On the invertibility of matrices with a double saddle-point structure
Fatemeh P. A. Beik, Chen Greif, Manfred Trummer
TL;DR
This work analyzes invertibility and solvability of symmetric three-by-three block matrices with a double saddle-point form $\mathcal{K}$ built from blocks $A,D,E$ and off-diagonal blocks involving $B$ and $C$. It establishes necessary and sufficient invertibility conditions under potentially rank-deficient diagonal blocks, and provides explicit inverse formulas in key scenarios, notably when ${\rm null}(A)=m$ and $E$ is nonsingular. By linking invertibility to kernel intersections and Schur-like reductions, the paper extends known results and offers constructive representations useful for preconditioning and solver design in applications such as PDE discretizations and electromagnetics. The findings enable rigorous solvability analysis and pave the way for structure-exploiting preconditioners that can accelerate Krylov subspace methods for double saddle-point systems.

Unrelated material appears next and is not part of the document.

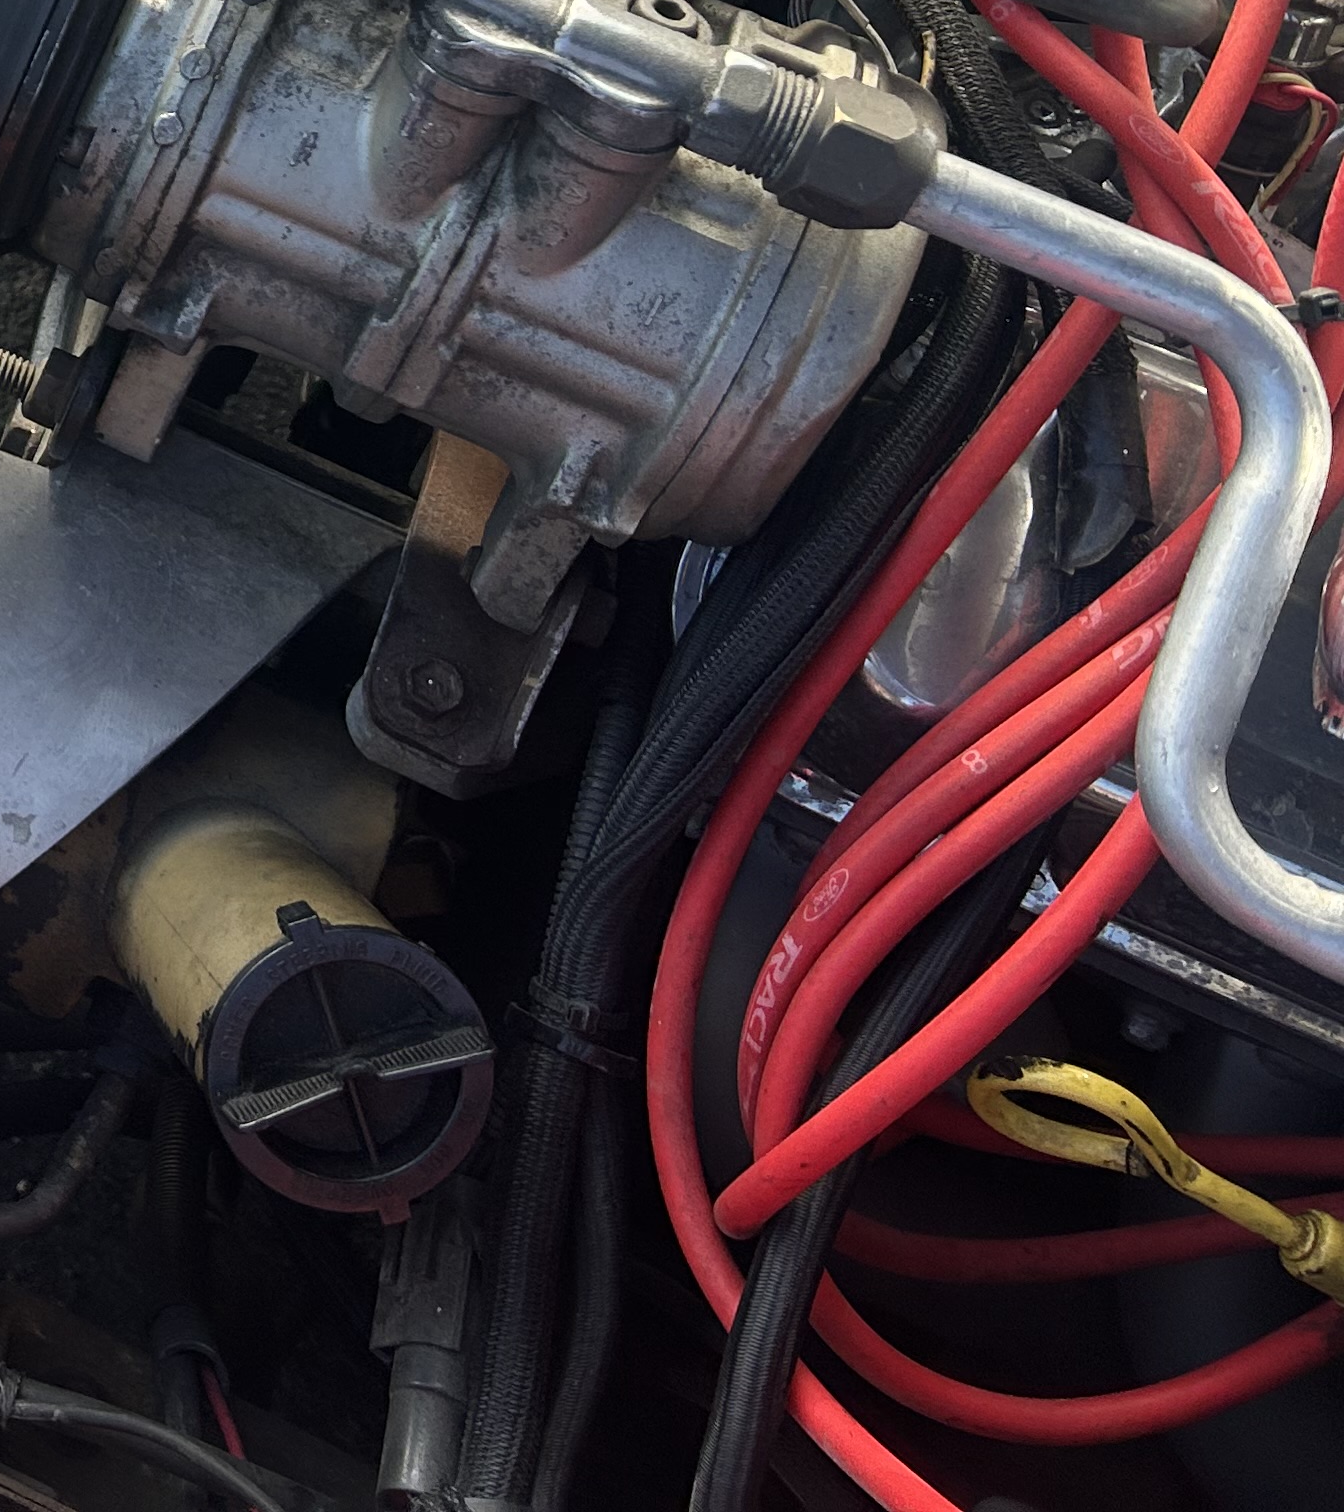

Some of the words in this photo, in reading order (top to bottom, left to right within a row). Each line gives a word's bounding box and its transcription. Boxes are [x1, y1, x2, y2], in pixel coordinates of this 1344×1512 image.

[1192, 179, 1296, 307] RACI
[961, 749, 988, 776] 8
[742, 934, 804, 1070] RACI

The work thus contributes both theoretical insights and practical tools for computational science problems governed by such block-structured systems.
Abstract
We establish necessary and sufficient conditions for invertibility of symmetric three-by-three block matrices having a double saddle-point structure \fb{that guarantee the unique solvability of double saddle-point systems}. We consider various scenarios, including the case where all diagonal blocks are allowed to be rank deficient. Under certain conditions related to the nullity of the blocks and intersections of their kernels, an explicit formula for the inverse is derived.